This page covers Elm 0.18


Here are two diagrams that illustrate this architecture:

Initial render


(1) program calls Main.initialModel to get the initial model for the application

(2) Main calls Widget.initialModel

(3) Widget returns its initial model

(4) Main returns a composed main model which includes the widget model

(5) program calls Main.view, passing the main model

(6) Main.view calls Widget.view, passing the widgetModel from the main model

(7) Widget.view returns the rendered Html to Main

(8) Main.view returns the rendered Html to program

(9) program renders this to the browser.

User interaction


(1) User clicks on the increase button

(2) Widget.view emits an Increase message which is picked up by Main.view.

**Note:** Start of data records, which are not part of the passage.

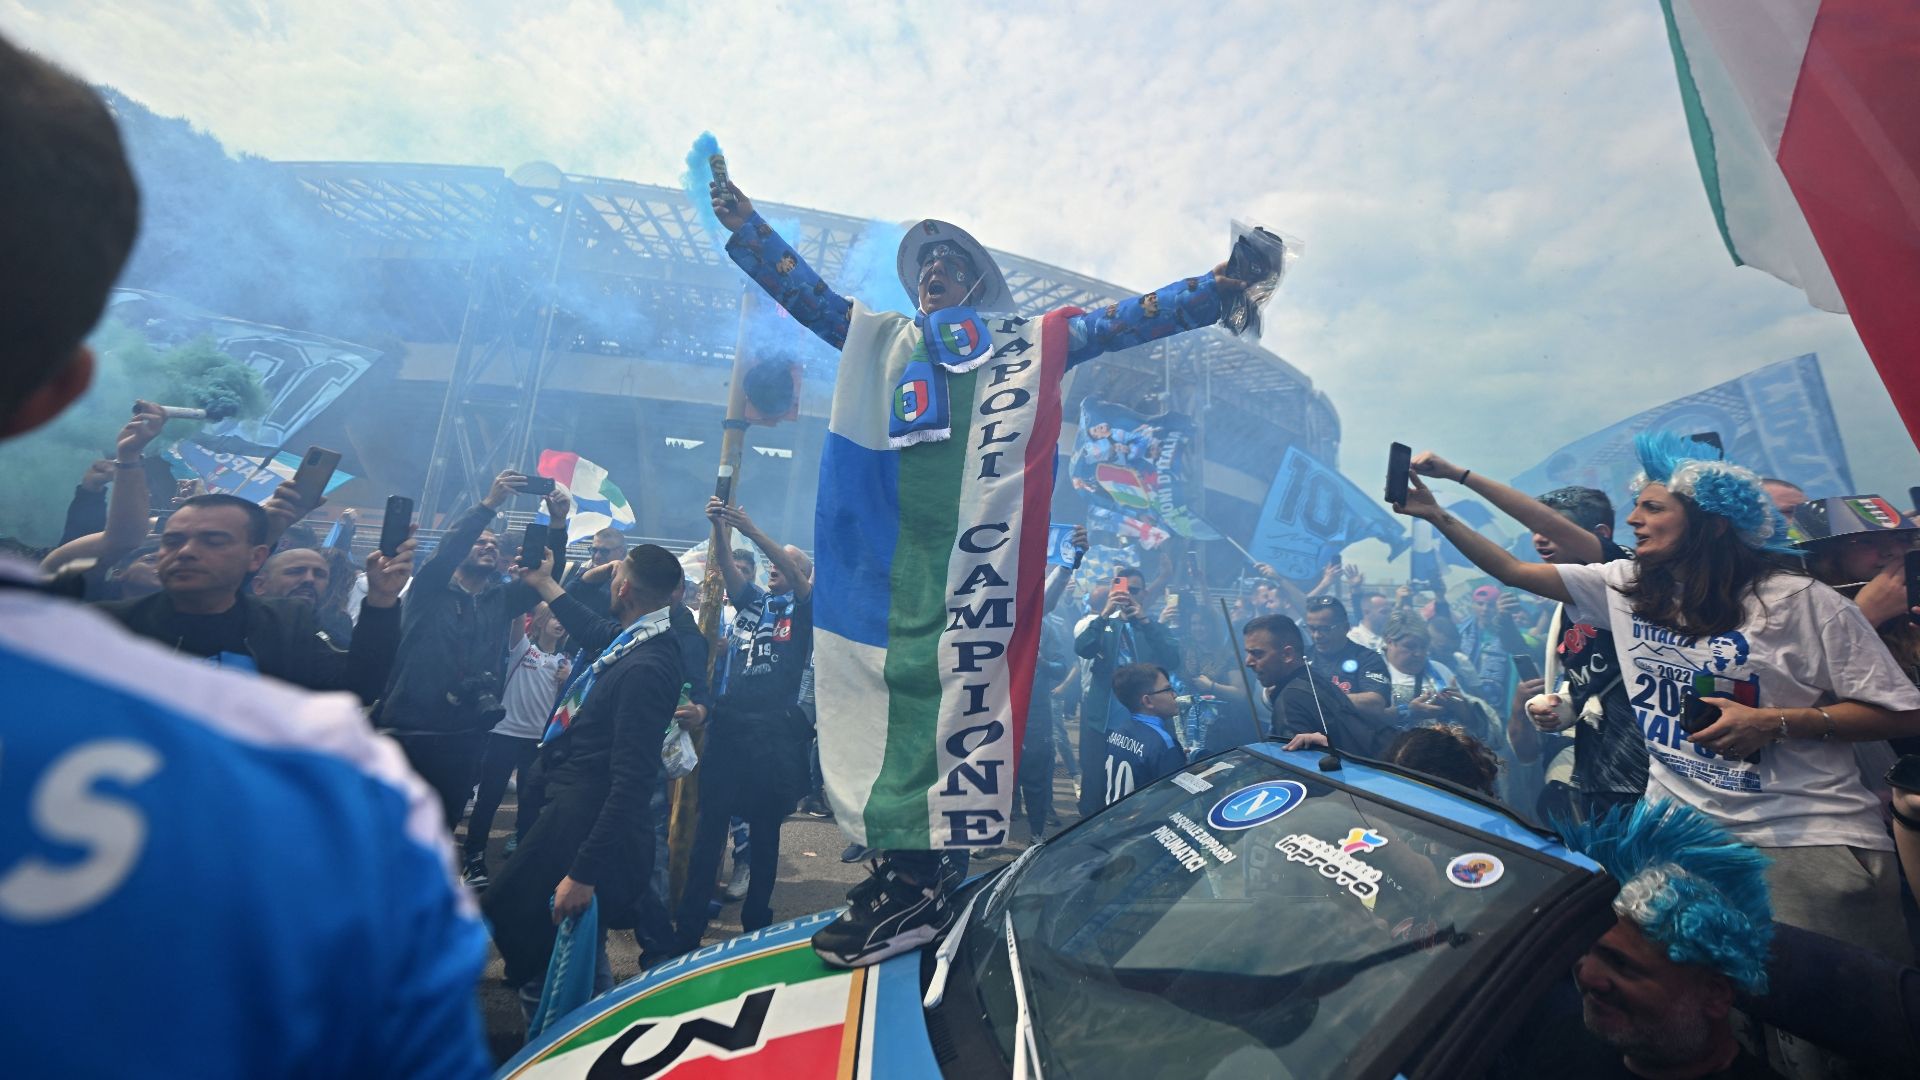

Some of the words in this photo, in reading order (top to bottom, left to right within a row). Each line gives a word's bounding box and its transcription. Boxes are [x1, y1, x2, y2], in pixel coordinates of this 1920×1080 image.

[1275, 452, 1348, 541] 10
[940, 522, 1014, 847] CAMPIONE
[1658, 665, 1691, 684] 2022
[1107, 732, 1145, 757] MARADONA
[1105, 754, 1135, 806] 10
[1231, 789, 1283, 817] N
[1150, 825, 1208, 873] PNEUMATICI
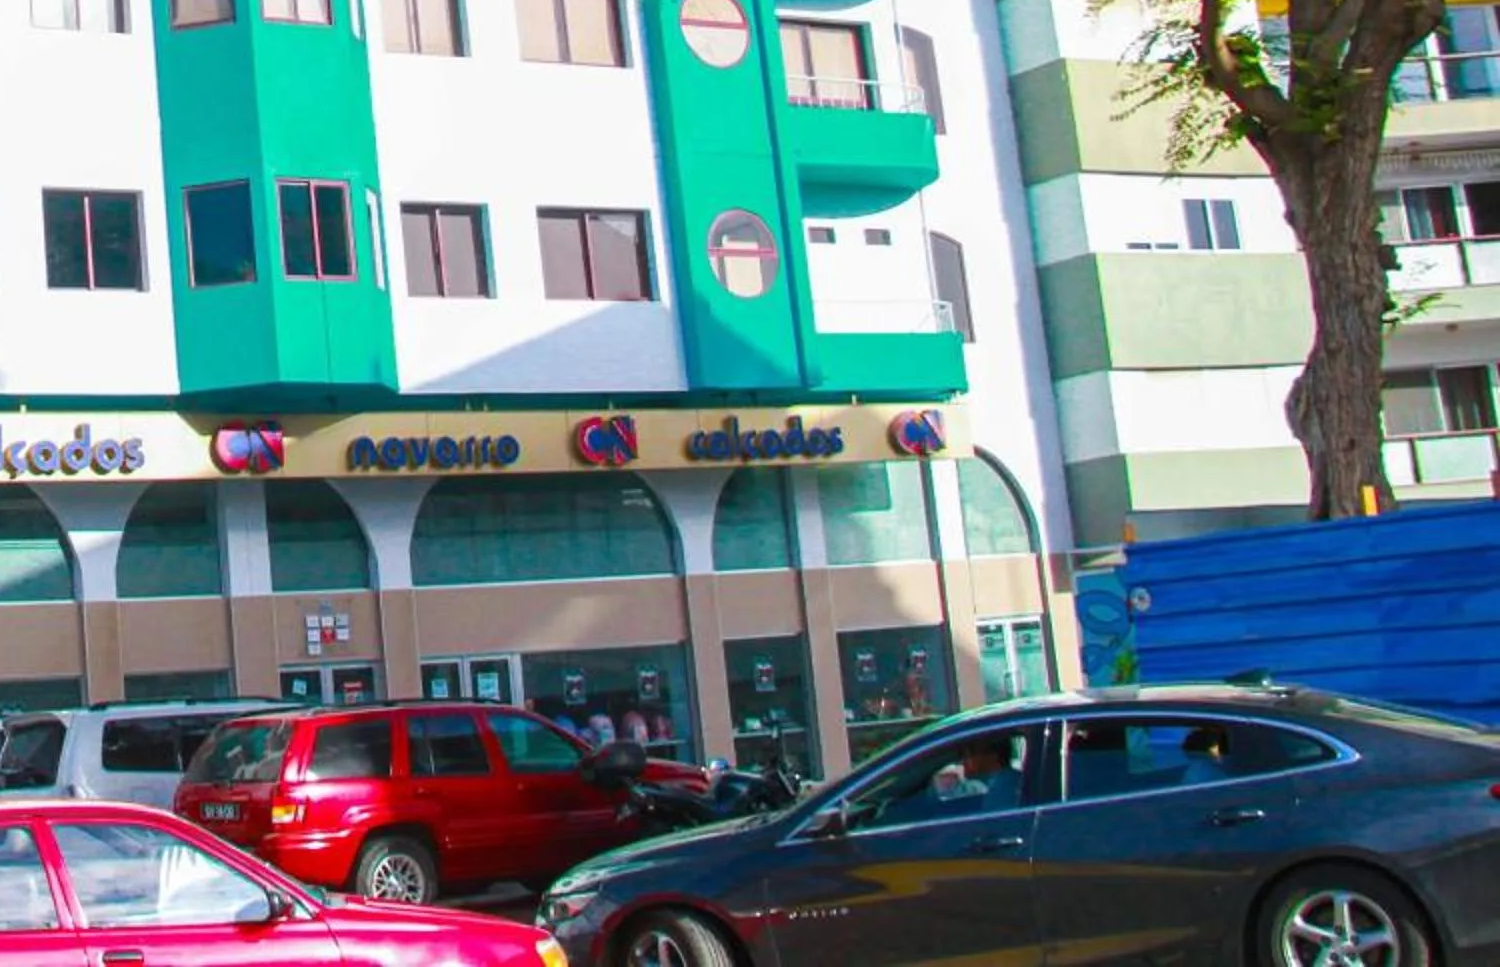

(3) Main.view tags this message so it becomes (WidgetMsg Increase) and it is sent along to program

(4) program calls Main.update with this message and the main model

(5) As the message was tagged with WidgetMsg, Main.update delegates the update to Widget.update, sending along the way the widgetModel part of the main model

(6) Widget.update modifies the model according to the given message, in this case Increase. And returns the modified widgetModel plus a command

(7) Main.update updates the main model and returns it to program

(8) program then renders the view again passing the updated main model

Again, don't reach for this initially as a way to organise your application as "components". If you do this too soon you will end up with plently of boilerplate.